I have said it before: I cannot understand the mentality of people like Sister D'Arienzo. Or Mario Cuomo.
No wonder the document Cuomo signed — and had notarized and attached to his will, yet! — is named "Declaration of Life." Its core message is that nothing is more precious than human life. Not even justice. Or morality. Or decency. Or the welfare of the community. Life trumps all.
But no civilized society can believe that and stay civilized. Life is not the ultimate value. Otherwise no nation would send young men to fight for honor, or against tyranny, or in defense of freedom. Life is sacred, but some things are more sacred. And if that is true of innocent life, how much more so is it true of guilty life — of those whose hands are slick with the blood of others?
"We execute murderers in order to make a communal proclamation: that murder is intolerable," writes David Gelernter — a Yale professor who was wounded when he opened a package mailed by the Unabomer — in the April issue of Commentary. "A deliberate murderer embodies evil so terrible that it defiles the community." Whether or not Mario Cuomo personally would want his killer killed is beside the point.

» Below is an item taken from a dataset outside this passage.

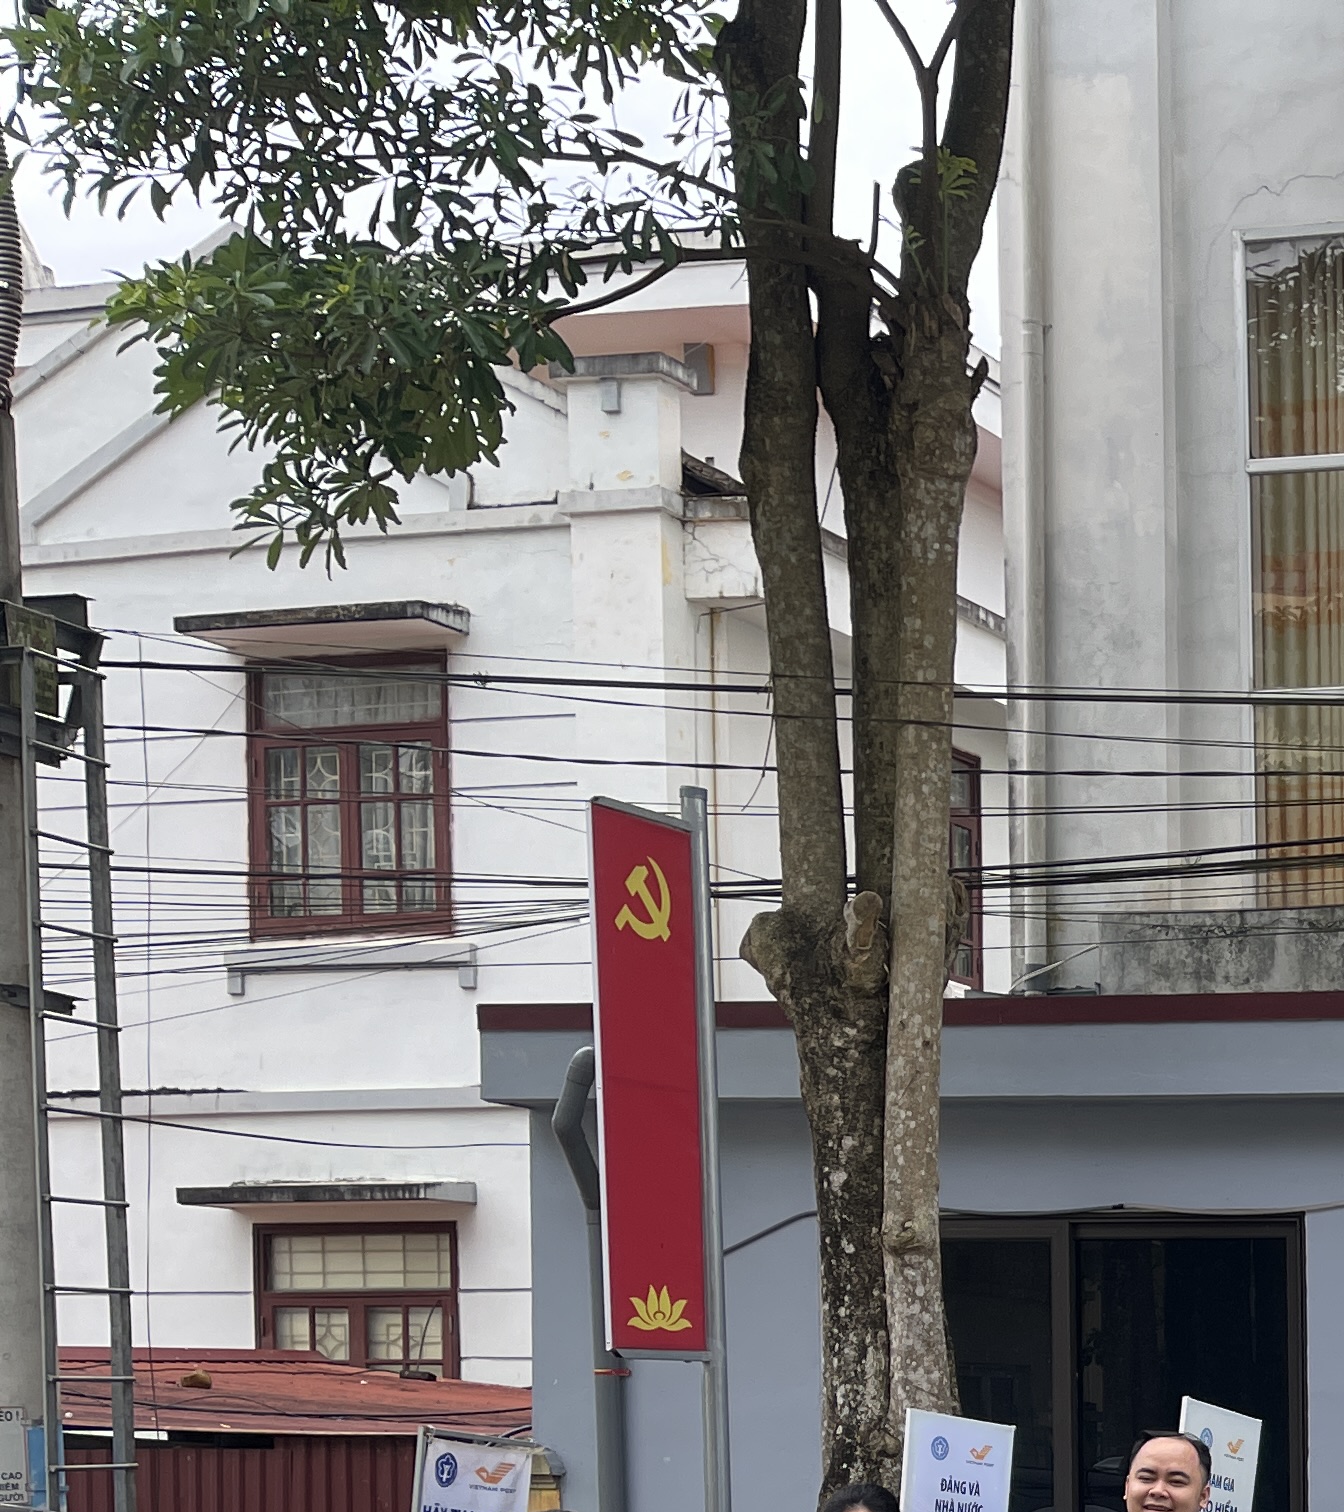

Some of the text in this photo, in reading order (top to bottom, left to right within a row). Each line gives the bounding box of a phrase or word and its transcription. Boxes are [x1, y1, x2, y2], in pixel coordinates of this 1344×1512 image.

[1, 1471, 23, 1480] CAO
[940, 1475, 981, 1497] ĐẢNG VÀ

It is for the good of society that assassins ought to die — that we may declare, to ourselves and to the world, that the crime of stealing life is worse than any other crime and deserves a penalty worse than any other penalty.

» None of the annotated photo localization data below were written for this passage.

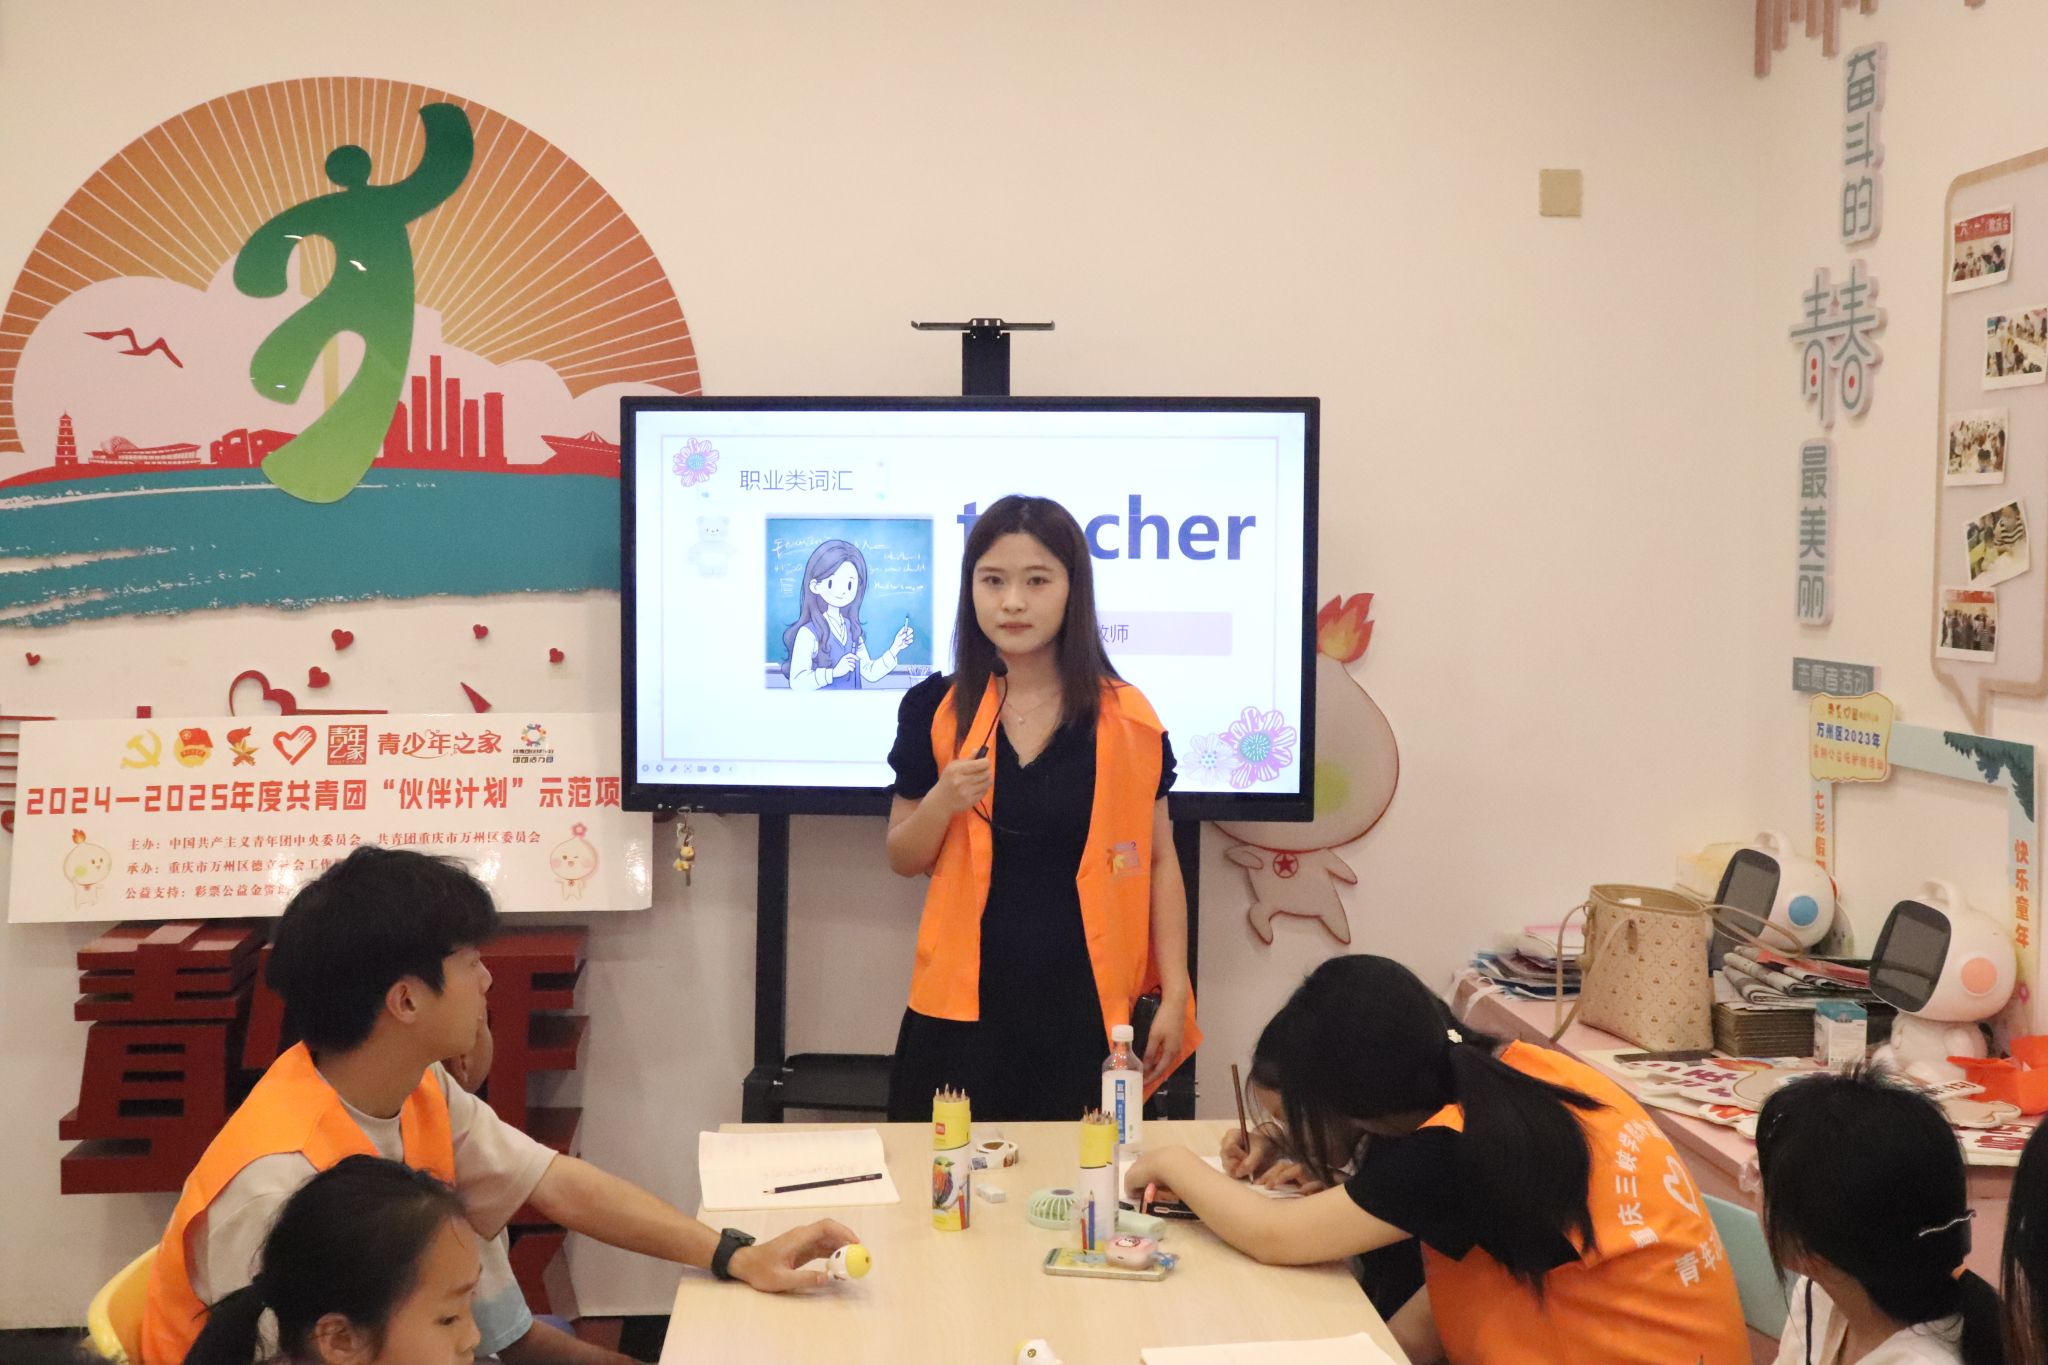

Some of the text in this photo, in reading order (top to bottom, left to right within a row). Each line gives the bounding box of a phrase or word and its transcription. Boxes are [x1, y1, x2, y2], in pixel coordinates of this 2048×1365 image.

[1843, 49, 1877, 237] 奋斗的
[740, 469, 853, 491] 职业类词汇
[957, 495, 1256, 560] tcher
[1797, 445, 1828, 618] 最美丽
[378, 730, 502, 758] 青少年之家
[2015, 840, 2029, 948] 快乐童年

D'Arienzo's document is only a publicity gimmick. When Cuomo put his name to it, he was doing nothing more than declaring his wish on that day, when he was very much alive and the prospect of dying by violence (God forbid) was mere speculation. What he would actually wish for at the moment the murderer's knife was pressed to his neck, neither he nor we can know in advance. And what would his loved ones think if he were murdered? Or his friends? His neighbors? His admirers? Cuomo cannot speak for them. He cannot say that they would want his murderer kept alive "no matter how heinous their crime or how much he had suffered."

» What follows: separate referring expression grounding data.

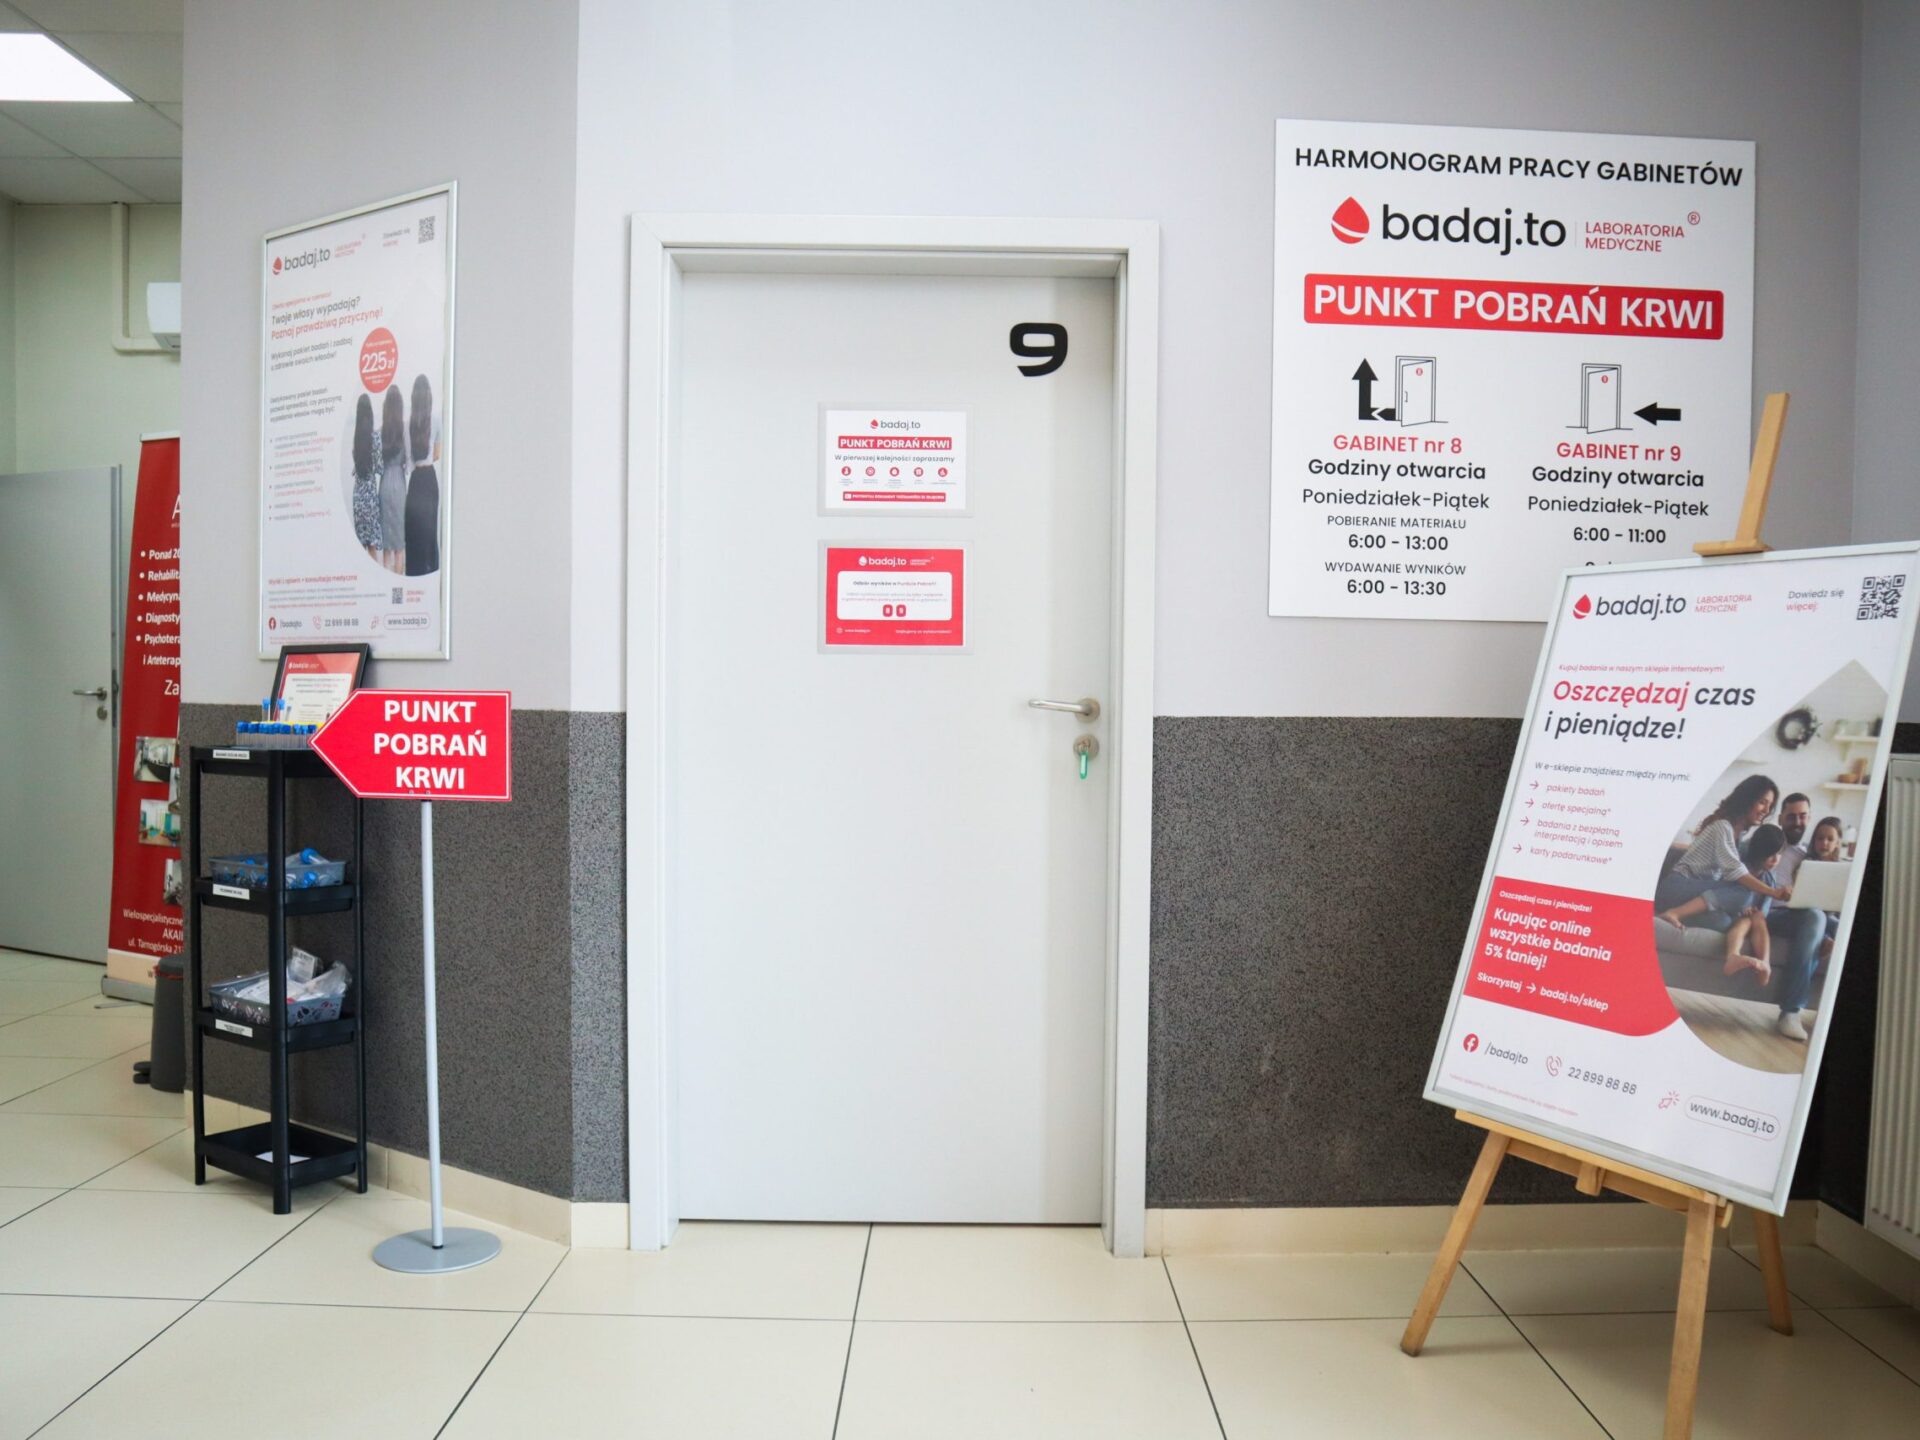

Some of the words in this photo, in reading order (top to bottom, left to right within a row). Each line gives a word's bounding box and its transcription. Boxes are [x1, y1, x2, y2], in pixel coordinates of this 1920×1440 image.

[1295, 148, 1501, 175] HARMONOGRAM
[1508, 156, 1590, 180] PRACY
[1597, 160, 1743, 187] GABINETÓW
[1382, 204, 1567, 256] badaj.to
[1585, 221, 1684, 238] LABORATORIA
[1585, 237, 1662, 252] MEDYCZNE
[284, 248, 331, 270] badaj.to
[1313, 284, 1439, 318] PUNKT
[1454, 287, 1607, 325] POBRAŃ
[1620, 298, 1714, 330] KRWI
[272, 312, 292, 326] Twoje
[1009, 322, 1068, 377] 9
[362, 351, 387, 374] 225
[880, 420, 921, 431] badaj.to
[840, 439, 875, 448] PUNKT
[877, 437, 921, 448] POBRAŃ
[922, 440, 950, 449] KRWI
[1333, 434, 1419, 453] GABINET
[1424, 439, 1445, 453] nr
[1450, 438, 1462, 454] 8
[1556, 442, 1639, 460] GABINET
[1644, 447, 1665, 462] nr
[1669, 445, 1682, 462] 9
[1308, 458, 1391, 482] Godziny
[1396, 461, 1486, 480] otwarcia
[1531, 465, 1613, 489] Godziny
[1618, 469, 1704, 488] otwarcia
[1302, 489, 1490, 511] Poniedziałek-Piątek
[1527, 496, 1709, 518] Poniedziałek-Piątek
[1327, 515, 1397, 528] POBIERANIE
[1400, 517, 1466, 530] MATERIAŁU
[1348, 535, 1387, 551] 6:00
[1405, 536, 1449, 552] 13:00
[1573, 527, 1610, 543] 6:00
[1628, 529, 1667, 544] 11:00
[149, 549, 172, 560] Ponad
[868, 556, 907, 567] badaj.to
[1324, 562, 1401, 574] WYDAWANIE
[1405, 561, 1467, 576] WYNIKÓW
[1347, 580, 1386, 596] 6:00
[1404, 580, 1447, 597] 13:30
[1788, 589, 1828, 600] Dowiedz
[1830, 588, 1845, 600] się
[1596, 593, 1687, 621] badaj.to
[1696, 594, 1753, 604] LABORATORIA
[1695, 603, 1739, 613] MEDYCZNE
[1559, 663, 1578, 673] Kupuj
[1579, 664, 1609, 672] badania
[1616, 666, 1644, 675] naszym
[1645, 664, 1669, 674] sklepie
[1553, 680, 1690, 711] Oszczędzaj
[1694, 686, 1756, 706] czas
[384, 700, 477, 723] PUNKT
[1545, 711, 1553, 732] i
[1555, 712, 1686, 742] pieniądze!
[374, 730, 487, 756] POBRAŃ
[396, 767, 465, 789] KRWI
[1544, 763, 1581, 774] e-sklepie
[1583, 767, 1624, 778] znajdziesz
[1626, 769, 1657, 780] między
[1546, 783, 1576, 796] pakiety
[1577, 786, 1605, 796] badań
[1542, 801, 1565, 812] ofertę
[1537, 819, 1572, 831] badania
[1578, 823, 1620, 836] bezpłatną
[1534, 830, 1586, 845] interpretacją
[1592, 839, 1623, 849] opisem
[1530, 847, 1550, 858] karty
[1499, 890, 1536, 906] Oszczędzaj
[1536, 897, 1552, 906] czas
[1494, 908, 1547, 930] Kupując
[1550, 919, 1591, 937] online
[1489, 926, 1551, 949] wszystkie
[1553, 939, 1612, 961] badania
[1484, 943, 1503, 959] 5%
[1505, 948, 1548, 971] taniej!
[1477, 972, 1522, 993] Skorzystaj
[1540, 986, 1609, 1012] badaj.to/sklep
[1484, 1043, 1528, 1065] /badajto
[1568, 1066, 1583, 1080] 22
[1584, 1070, 1604, 1086] 899
[1605, 1077, 1620, 1091] 88
[1622, 1081, 1638, 1096] 88
[1689, 1101, 1775, 1134] www.badaj.to

It is up to the law to speak for them — to speak for all grief-stricken survivors confronted with the butchery of someone near and dear. Capital punishment says to them: We, the community, take your loss with the utmost seriousness. We know that you are filled with rage and pain. We know that you may cry for vengeance, may yearn to strangle the murderer with your bare hands. You are right to feel that way. But it is not for you to wreak retribution. As a decent and just society, we will do it. Fairly. After due process. In a court of a law.
A properly drafted death penalty statute — like those in most American states, which are replete with safeguards against error — proclaims insistently the preciousness of innocent life. Innocent life. The document circulated by D'Arienzo treats murderers and victims as interchangeable — it puts the innocent and the guilty on the same moral plane. That is a piece of hellish perversity. If the Bible is adamant on anything, after all, it is that murderers should be put to death. You'd think a nun, of all people, would know that.
(Jeff Jacoby is a columnist for The Boston Globe).